One of the biggest mistakes aspiring antiracist organizations make is deploying community oriented strategies without input from affected communities. “Nothing about us without us” is a key mantra to prioritize when attempting to support BIPOC communities in particular. Majority white companies, boards of directors, and leaders of any kind should never inflict their programs and policies on people without consulting them. That’s exactly what it feels like — an oppressive mandate from on high, about which we were either not consulted or inadequately consulted as a perfunctory box-checking exercise versus a desire for real input. Antiracist organizations work in tandem with the communities they serve. This way there are fewer disappointments and no surprises. When a community feels involved and engaged, it engenders trust and a sense of pride and ownership that yields exponential dividends.

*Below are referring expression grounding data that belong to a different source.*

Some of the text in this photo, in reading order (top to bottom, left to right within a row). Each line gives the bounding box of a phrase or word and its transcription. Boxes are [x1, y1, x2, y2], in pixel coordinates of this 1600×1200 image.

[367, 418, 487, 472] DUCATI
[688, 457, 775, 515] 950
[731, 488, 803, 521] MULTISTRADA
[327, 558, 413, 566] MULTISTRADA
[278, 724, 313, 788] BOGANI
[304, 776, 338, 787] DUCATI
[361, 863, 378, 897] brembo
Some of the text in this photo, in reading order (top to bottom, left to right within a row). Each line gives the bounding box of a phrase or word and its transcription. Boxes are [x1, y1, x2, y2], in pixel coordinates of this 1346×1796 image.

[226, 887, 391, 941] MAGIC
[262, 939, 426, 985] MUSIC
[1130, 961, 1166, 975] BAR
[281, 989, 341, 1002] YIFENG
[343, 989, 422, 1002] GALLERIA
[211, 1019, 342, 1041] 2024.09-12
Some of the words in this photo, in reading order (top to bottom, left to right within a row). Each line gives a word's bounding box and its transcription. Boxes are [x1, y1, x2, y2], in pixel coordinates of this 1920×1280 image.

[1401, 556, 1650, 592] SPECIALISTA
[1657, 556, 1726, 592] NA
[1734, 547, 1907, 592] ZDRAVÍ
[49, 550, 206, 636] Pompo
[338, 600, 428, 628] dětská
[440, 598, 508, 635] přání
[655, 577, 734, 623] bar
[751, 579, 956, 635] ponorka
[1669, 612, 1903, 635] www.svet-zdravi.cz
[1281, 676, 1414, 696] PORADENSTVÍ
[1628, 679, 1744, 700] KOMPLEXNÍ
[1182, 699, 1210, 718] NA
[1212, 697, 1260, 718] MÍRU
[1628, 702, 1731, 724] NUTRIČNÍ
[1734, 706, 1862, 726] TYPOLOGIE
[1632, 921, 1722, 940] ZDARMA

7. Implement long-term antiracism strategies

No company gets to check the antiracist box by completing a single, isolated action. That’s a PR stunt. While the B Corp community may have a long way to go toward diversifying itself, there is a lot we can learn from them and from B Lab, the sector’s originators. The B Impact Assessment (BIA) is a free online tool that helps leaders calibrate and understand the environmental and community impact of their business. The BIA offers a host of questions on diversity-related topics that can shed light on organizational inclusion strengths and deficiencies. Since the overall scores affect a company’s certification status, businesses are incentivized to improve those scores over time. My JEDI company uses B Corp metrics to calibrate our global impact in an industry otherwise devoid of unified standards. Even if leaders don’t decide to certify their companies as B Corps, (a paid option after exceeding the minimum score threshold on the free assessment) they can still leverage the tool to better understand their relationship to underrepresented and historically marginalized communities.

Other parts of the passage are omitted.